Hani, internette dolaşan “Dedem derdi ki” başlığı altında bir bilgi vardır:
“Atın su içtiği yerden su iç”
Köy çocukları bunu iyi bilir. Dağda akarsuyun olmadığı yerlerde su birikintisi varsa ve sen de susuz kalmışsan atın o sudan içerse sen de iç.

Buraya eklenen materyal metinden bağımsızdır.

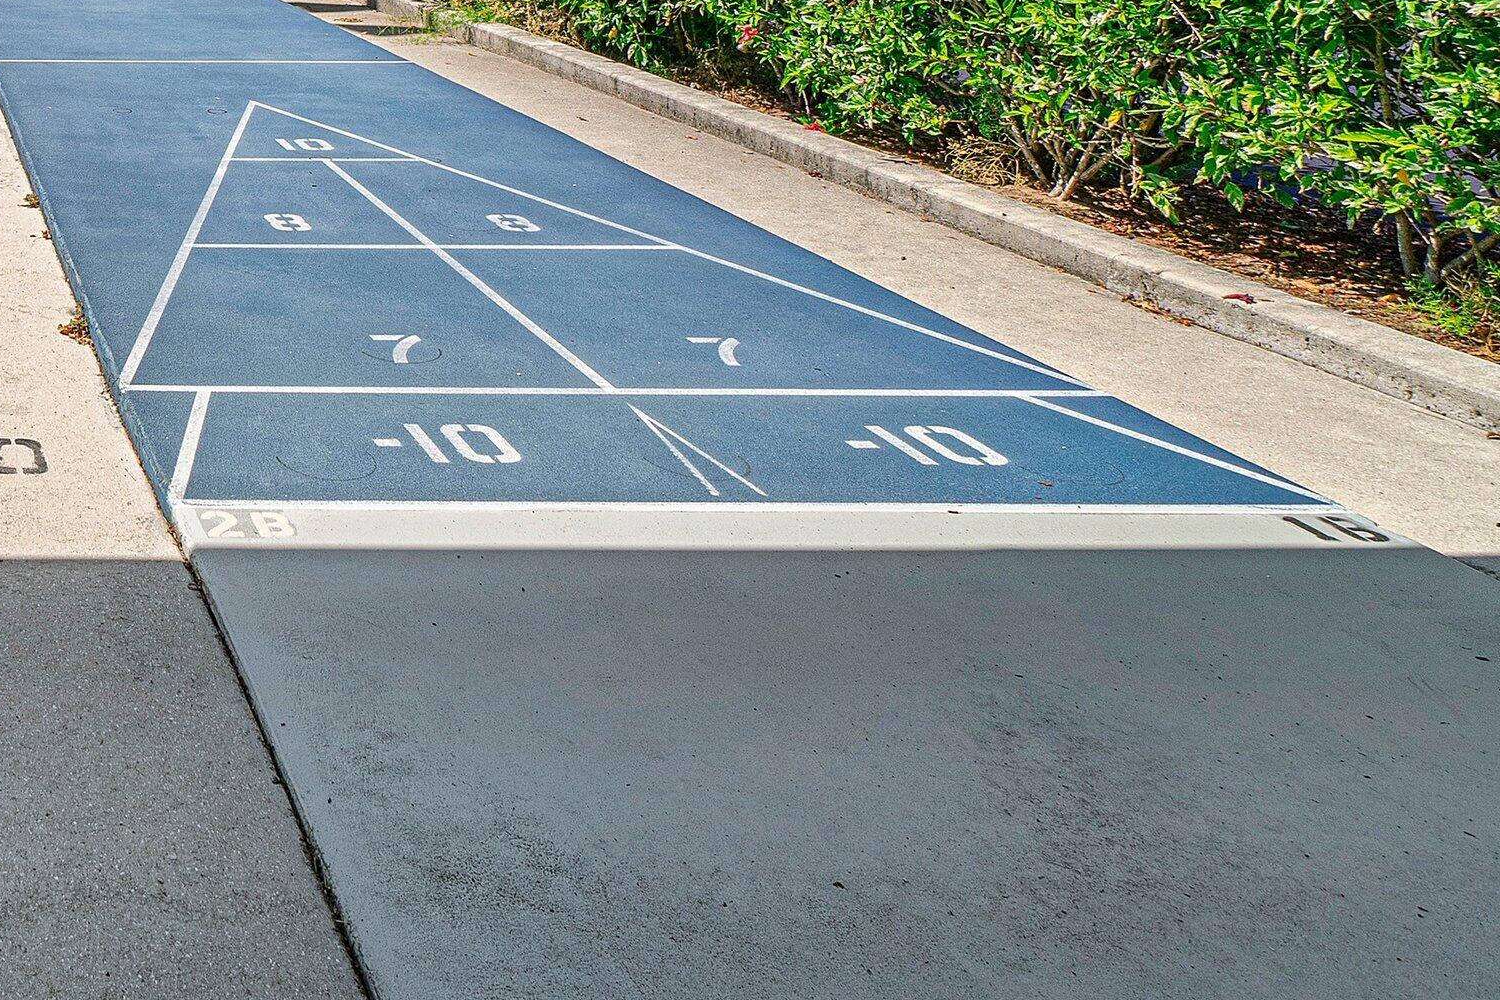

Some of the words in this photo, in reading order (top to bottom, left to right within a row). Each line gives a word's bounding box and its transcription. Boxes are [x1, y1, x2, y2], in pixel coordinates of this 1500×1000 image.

Çünkü at o suyun zehirli olduğunu Rabbimin verdiği tabii bilgiyle bilir.
“İçinde kurt olan meyveyi ye” ilaçsızdır.
“Kuyuyu, kuşların sıcak zamanlarda eşelendiği yere kaz”
“Tavuklar yatınca yat, horozlar ötünce kalk”…gibi dede nasihatleri binlerce yıllık tabiat okumanın sonucunda elde edilen bilgilerdir.
Şimdi ise ilim adamlarımız teknik aletlerle insanların işini kolaylaştırmışlardır.
Bizim köyümüzü kuran Karamanoğlu Mehmet Bey’in bugünkü ifadesiyle Genelkurmay Başkanı, Şikari’nin “Karamanname”sine göre Göcer beğdir.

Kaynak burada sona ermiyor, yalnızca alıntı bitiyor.